‘Deactivated brake’: 3 arrested in connection to cable car disaster in Italy


Toronto, May 27: Italian police on Wednesday said that they have arrested three people in an investigation into a cable car, known as “Gondola” crash in the Piedmont Mountains that left 14 people dead (in the pic by italian Vigili del Fuoco).
These three people, all involved in management of the cable car, have been accused of deliberately deactivating the emergency brake that could have stopped it slamming into the side of the mountain when the cable snapped on Sunday afternoon. These arrestees are: Luigi Nerini, the owner of the Ferrovie del Mottarone cable car company, will be remanded in custody at a prison in the city of Verbania for 48 hours, police said. Director Enrico Perocchio and Gabriele Tadini, an engineer at the company, will also be held, they added. Police believe the men “blocked the safety brakes,” said the commander in charge of the investigation. They also believe the men knew that a safety brake system in the cable car was disabled.
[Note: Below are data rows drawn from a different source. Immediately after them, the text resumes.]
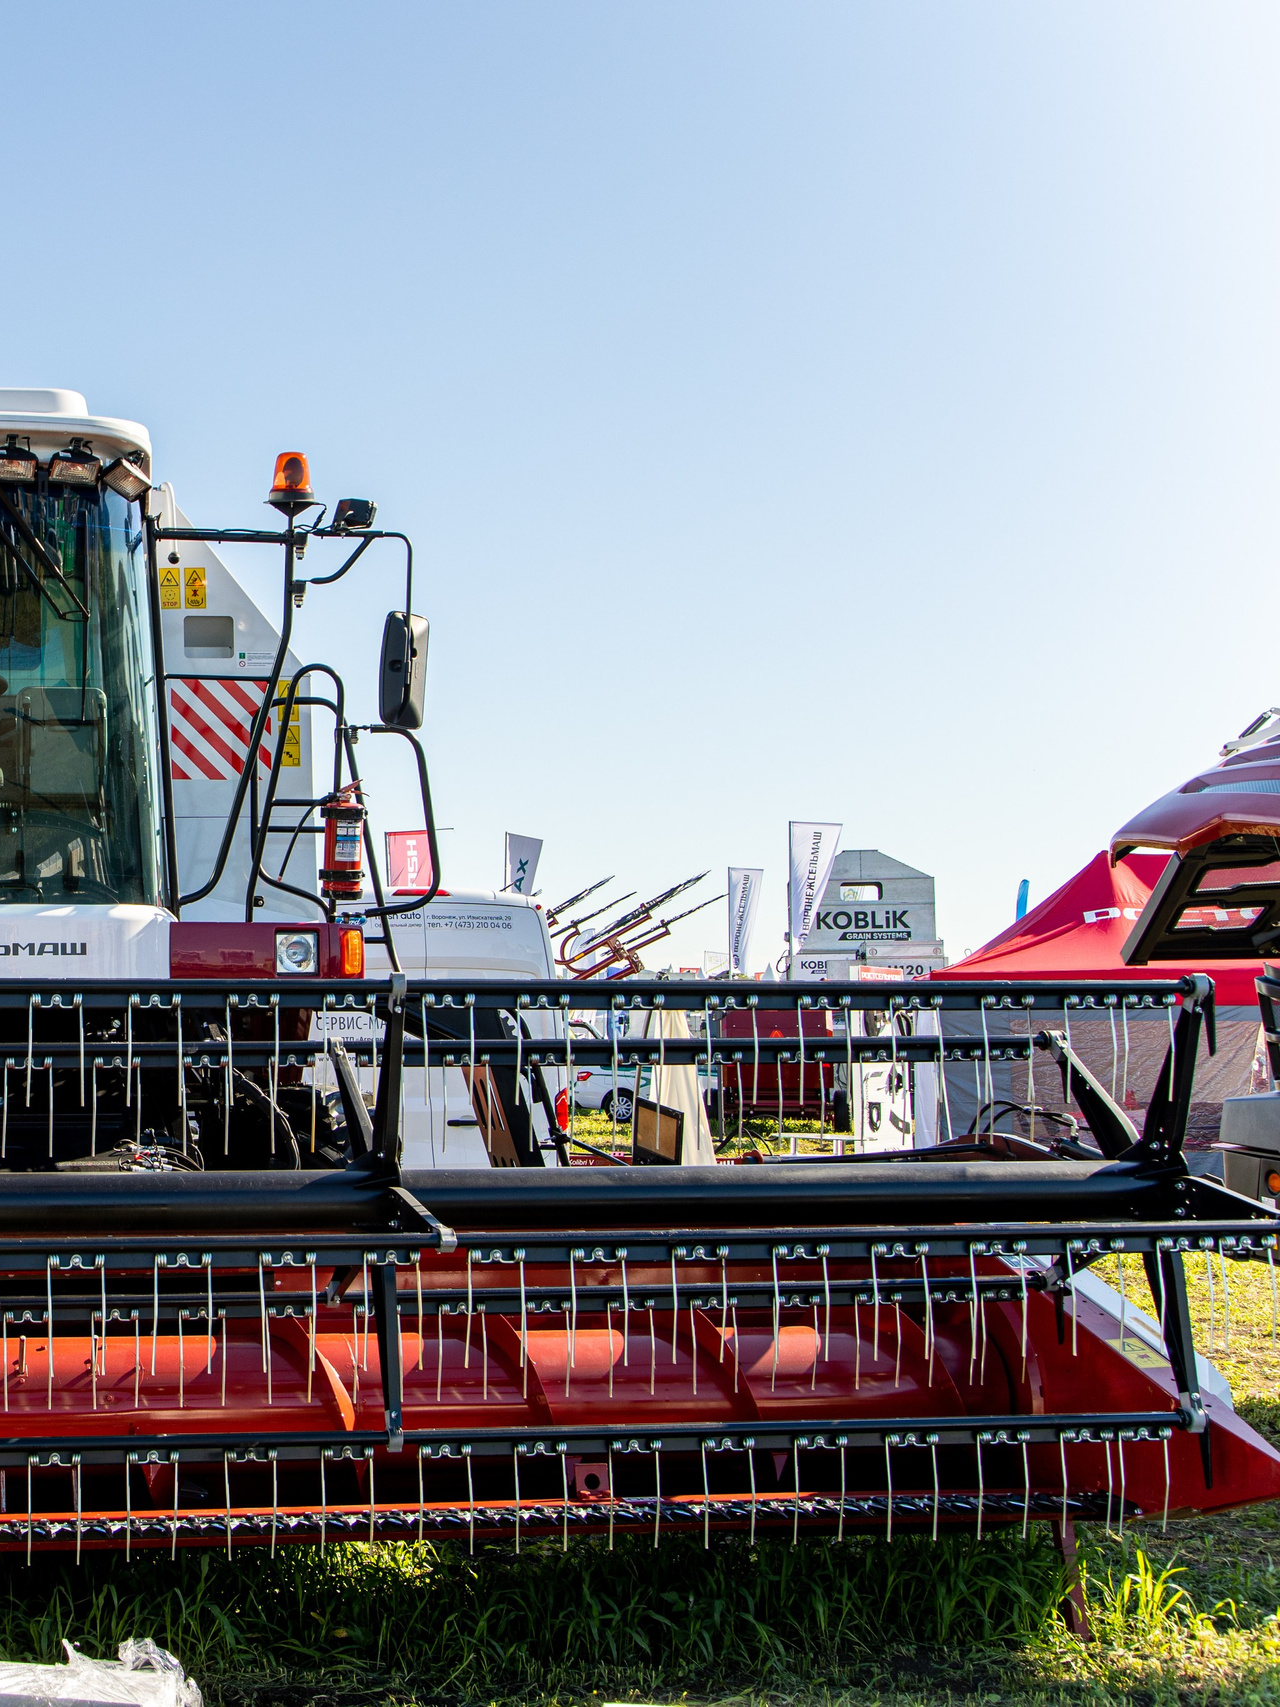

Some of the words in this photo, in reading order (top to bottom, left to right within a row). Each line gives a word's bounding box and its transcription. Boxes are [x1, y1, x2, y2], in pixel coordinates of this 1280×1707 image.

[802, 831, 822, 931] ВОРОНЕЖСЕЛЬМАШ
[400, 911, 422, 920] auto
[734, 874, 750, 953] ВОРОНЕЖСЕЛЬМАШ
[454, 921, 475, 929] (473)
[501, 922, 512, 930] 06
[846, 932, 872, 940] GRAIN
[872, 932, 908, 940] SYSTEMS
“The public prosecutor’s office has ordered three arrests for removal or omission of precautions against accidents at work,” a spokesman for the carabinieri police told.

Of the 15 people travelling in the cable car at Mottarone, a scenic location overlooking Lake Maggiore in the northwest region of Piedmont, 14 were killed. A five-year-old boy who is currently in a critical condition was the only survivor. A nine-year-old boy was also among the victims.

It has been learnt that, these three suspects accused of deliberately deactivating the brake that could have stopped the car flying backwards when the cable snapped, to avoid delays following a malfunction.

The prosecutor Limpia Bossi told reporters that, “It was a conscious choice, absolutely conscious. That’s it. It was not an occasional omission or forgetfulness. It was a conscious decision to disarm… to deactivate this emergency system in order to remedy what we have been told were problems, technical problems that were occurring on the line.”

The gondola came down Sunday as it was making the 20-minute journey from Stresa, a small town on the banks of Lake Maggiore around 55 miles north of Milan, to the summit of the Mottarone mountain in the Alps, almost 4,500 feet above sea level. It was nearing the end of its journey when the lead cable snapped. The gondola slipped back at a rapid speed until it pulled off the cable and plunged 60 feet to the ground where it rolled over several times until it was stopped by trees. It was still unclear why the lead cable snapped.

The only 5-year-old survived Israeli boy who was taken to the Regina Margherita Hospital in the city of Turin with fractures to his legs and trauma to his body. He is in stable but critical condition and slowly coming out of a medically induced coma but is not yet conscious, hospital spokesman Paolo Berra updated Wednesday.